Localized Congestion Management Motivation

Figure 1 illustrates a typical setup for illustrating congestion – both persistent as well as transient. The example shows three switches A, B and C that is part of a larger AS fabric. Packets belonging to flows g0, g1 and g2 exit a common link - link 2 of switch node C – before heading to their final destination. Furthermore, packets belonging to f0 and g0 also share a common output link – link 1 of switch B. Assume that in a steady state, the combined bandwidth of g0, g1 and g2 stays well below the output link 2 (switch C) bandwidth. If an intermittent flow g3 targets link 2 such that the link bandwidth is momentarily exceeded, it causes transient congestion and affects the bandwidth of g0, g1 and g2 sharing the link. The undesirable side effect is that it also affects flows that are not heading out to the congested link. In the above example, f0 and g0 share the same linklevel credits. Since packets belonging to g0 back up due to the transient congestion, it results in a temporary drop in the input link credit return from C. A fair scheduling policy in switch B will however schedule packets between f0 and g0 in an equitable manner (alternating between the two flows) since it has no information available regarding the congested flow g0. However, the slow progress of packets belonging to g0 in switch C implies that link credits consumed by packets belonging to g0 will take a longer time to be returned to link 1 of switch B. This eventually results in credit starvation for f0 packets and results in a drop in its bandwidth. Packet backups caused by the victimized flow f0 can create a secondary congestion point in link 1 of switch B and eventually results in a drop in bandwidth for f1. Depending on the duration of g3, a congestion tree that is rooted at switch C starts to spread to multiple levels. The bandwidth drop notwithstanding, a new packet entering one of the branches of the congested tree encounters a significant increase in its latency. Finally, after g3 is complete, the backed-up packets belonging to the remaining flows utilize the excess bandwidth available.
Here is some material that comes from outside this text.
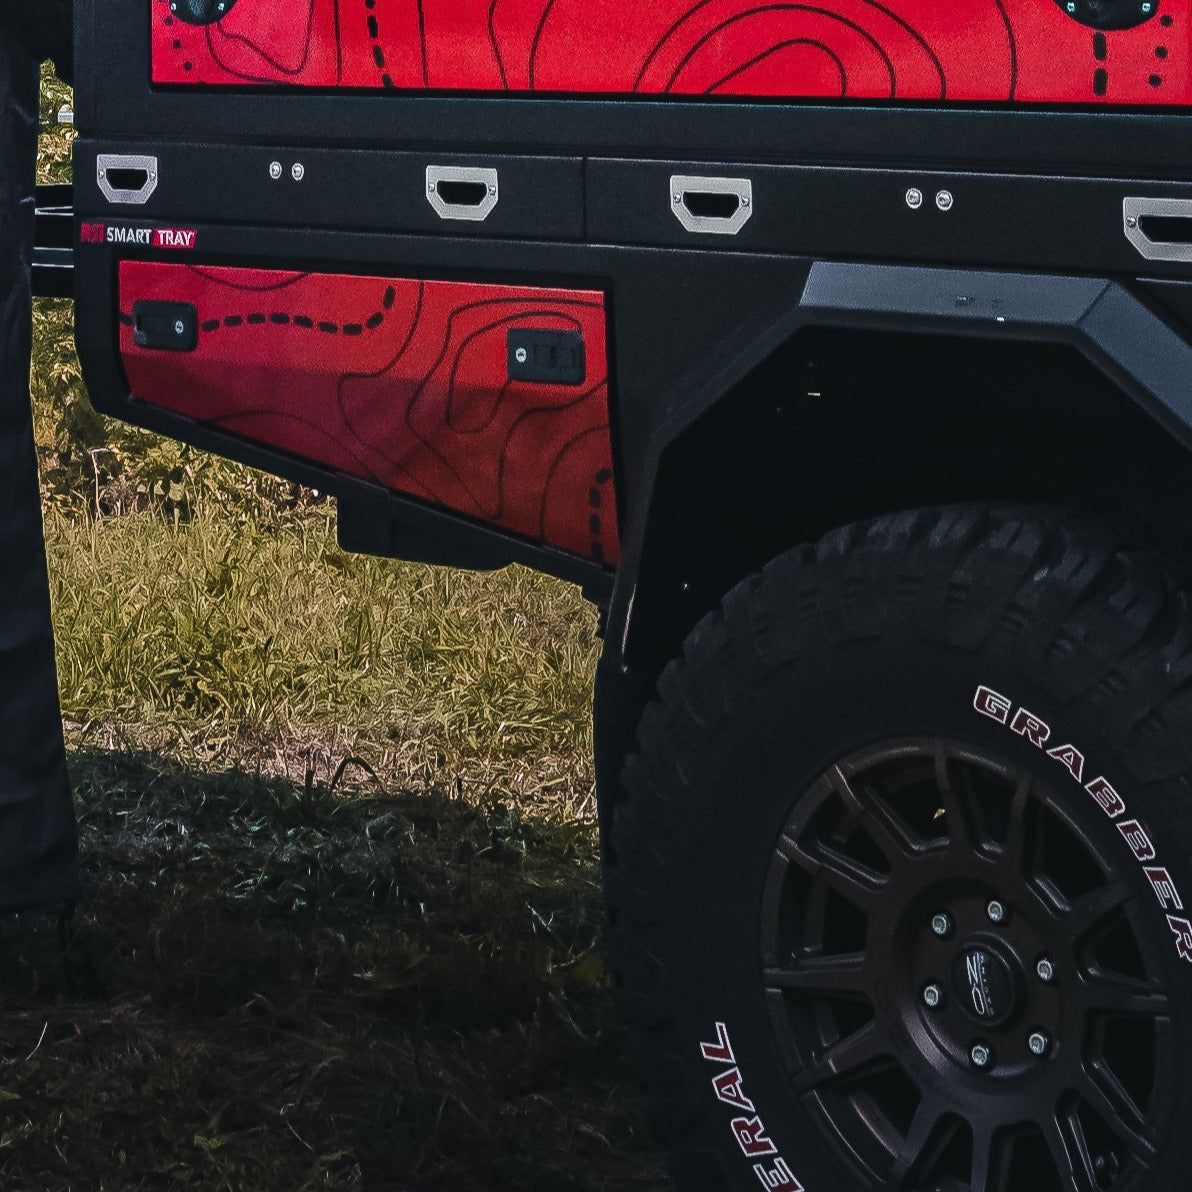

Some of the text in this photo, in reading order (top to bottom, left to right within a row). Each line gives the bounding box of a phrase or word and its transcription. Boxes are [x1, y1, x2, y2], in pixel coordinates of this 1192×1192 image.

Eventually, credits are returned rapidly and traffic is restored to the original non-congested state.

If g3 were a persistent congestion flow, an end-to-end approach is needed to throttle the sources. However, an end-to-end approach is not appropriate for handling transient congestion. If an end-to-end scheme were to be used (in which switch C generates a BECN to the sources of g0, g1 and g2), it is likely that flow g3 may have ceased even before the source could respond to the BECN.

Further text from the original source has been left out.